La mejor hora para observarles es durante la cena, en el comedor de hotel, después de la paliza de piscina y la ducha, se sienta una familia, que podrían ser muchas familias, al rededor de una mesa en la que piden para los dos niños menú infantil de palomitas de pollo, pizza y espagueti y para la pareja de mayores unas costillas, él, y tortilla de atún, ella. Mientras esperan los platos, los adultos consultan sus móviles bastante aislados de sus hijos. Ya pueden ellos gritar, llorar, anunciar que tienen hambre o, simplemente, tener ganas de rememorar el día con sus padres. Son una pareja bien engrasada y, cada vez, es uno de ellos el que levanta momentáneamente la mirada de la pantalla para recriminar a sus hijos, pedirles que se sienten, que se callen, que se calmen, que desaparezcan.

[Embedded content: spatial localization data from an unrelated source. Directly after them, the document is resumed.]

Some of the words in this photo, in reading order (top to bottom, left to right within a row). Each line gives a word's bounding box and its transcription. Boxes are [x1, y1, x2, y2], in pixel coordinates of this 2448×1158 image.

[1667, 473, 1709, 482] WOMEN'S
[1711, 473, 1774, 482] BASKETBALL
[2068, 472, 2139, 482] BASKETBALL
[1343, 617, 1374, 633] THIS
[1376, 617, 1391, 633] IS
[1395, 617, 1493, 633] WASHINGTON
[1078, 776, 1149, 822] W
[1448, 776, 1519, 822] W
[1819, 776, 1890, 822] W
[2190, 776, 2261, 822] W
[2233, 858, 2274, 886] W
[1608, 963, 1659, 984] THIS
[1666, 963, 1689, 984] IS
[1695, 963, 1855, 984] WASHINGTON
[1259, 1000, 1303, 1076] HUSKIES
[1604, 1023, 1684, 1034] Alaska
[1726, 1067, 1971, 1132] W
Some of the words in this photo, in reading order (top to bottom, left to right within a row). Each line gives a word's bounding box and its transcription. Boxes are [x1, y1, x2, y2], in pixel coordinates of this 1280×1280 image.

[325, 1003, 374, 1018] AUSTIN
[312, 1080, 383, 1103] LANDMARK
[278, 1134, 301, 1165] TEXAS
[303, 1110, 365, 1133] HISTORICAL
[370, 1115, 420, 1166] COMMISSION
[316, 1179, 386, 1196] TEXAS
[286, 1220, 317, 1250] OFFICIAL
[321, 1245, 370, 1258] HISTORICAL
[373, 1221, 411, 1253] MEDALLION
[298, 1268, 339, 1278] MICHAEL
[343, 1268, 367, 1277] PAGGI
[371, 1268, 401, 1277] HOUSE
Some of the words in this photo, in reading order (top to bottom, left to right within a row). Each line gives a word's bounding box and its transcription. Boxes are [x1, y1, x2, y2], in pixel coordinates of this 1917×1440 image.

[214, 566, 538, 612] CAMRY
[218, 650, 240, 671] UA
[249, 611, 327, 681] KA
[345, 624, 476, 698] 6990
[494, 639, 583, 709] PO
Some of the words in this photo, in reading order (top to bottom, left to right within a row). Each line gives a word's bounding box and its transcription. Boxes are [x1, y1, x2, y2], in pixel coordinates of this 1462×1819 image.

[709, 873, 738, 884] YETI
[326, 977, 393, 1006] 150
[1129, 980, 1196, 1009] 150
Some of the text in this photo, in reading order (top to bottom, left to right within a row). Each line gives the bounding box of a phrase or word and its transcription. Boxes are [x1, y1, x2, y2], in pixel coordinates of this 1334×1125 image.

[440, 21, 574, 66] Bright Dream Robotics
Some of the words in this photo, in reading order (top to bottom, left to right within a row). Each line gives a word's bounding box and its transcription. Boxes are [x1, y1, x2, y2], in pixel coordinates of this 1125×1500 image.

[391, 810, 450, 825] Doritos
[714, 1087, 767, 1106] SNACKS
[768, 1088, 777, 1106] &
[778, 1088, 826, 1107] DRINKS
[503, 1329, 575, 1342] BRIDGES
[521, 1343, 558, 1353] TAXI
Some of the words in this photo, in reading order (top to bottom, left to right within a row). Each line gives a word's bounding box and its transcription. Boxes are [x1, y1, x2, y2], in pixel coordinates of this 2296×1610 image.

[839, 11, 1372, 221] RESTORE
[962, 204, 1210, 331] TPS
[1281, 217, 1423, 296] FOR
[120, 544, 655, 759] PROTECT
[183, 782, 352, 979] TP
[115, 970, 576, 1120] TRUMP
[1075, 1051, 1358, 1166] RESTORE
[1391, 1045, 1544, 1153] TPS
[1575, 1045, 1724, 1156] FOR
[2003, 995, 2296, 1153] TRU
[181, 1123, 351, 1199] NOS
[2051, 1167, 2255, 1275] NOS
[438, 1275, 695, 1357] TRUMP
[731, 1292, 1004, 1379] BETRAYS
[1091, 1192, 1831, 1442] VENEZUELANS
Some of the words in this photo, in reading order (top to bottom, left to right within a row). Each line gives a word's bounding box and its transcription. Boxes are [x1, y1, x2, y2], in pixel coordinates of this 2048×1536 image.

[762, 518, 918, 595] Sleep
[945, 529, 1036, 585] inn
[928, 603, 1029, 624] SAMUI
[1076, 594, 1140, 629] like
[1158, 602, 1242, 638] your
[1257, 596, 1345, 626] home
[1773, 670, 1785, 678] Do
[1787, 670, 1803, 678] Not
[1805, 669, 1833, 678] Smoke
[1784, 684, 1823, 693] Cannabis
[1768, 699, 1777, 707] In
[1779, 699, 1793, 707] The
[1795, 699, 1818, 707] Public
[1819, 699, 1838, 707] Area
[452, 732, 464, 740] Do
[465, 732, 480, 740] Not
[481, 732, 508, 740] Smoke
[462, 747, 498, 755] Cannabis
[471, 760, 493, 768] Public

Ya les he visto antes, durante las horas de piscina, igualmente metidos en sus scrolls mientras sus hijos les mendigan su atención para que les vean hacer saltos desde la ducha, anchos de la piscina sin parar o para tenerlos de testigo cuando su hermana les salpica. De nuevo de manera alternativa, una vez cada uno, la pareja se alterna en levantar la mirada con ansiedad para presenciar sus heroicidades de 8 y 10 años el tiempo justo para volver a posar la mirada en un graciosísimo chiste o en un pelícano que se come una lata de Sprite.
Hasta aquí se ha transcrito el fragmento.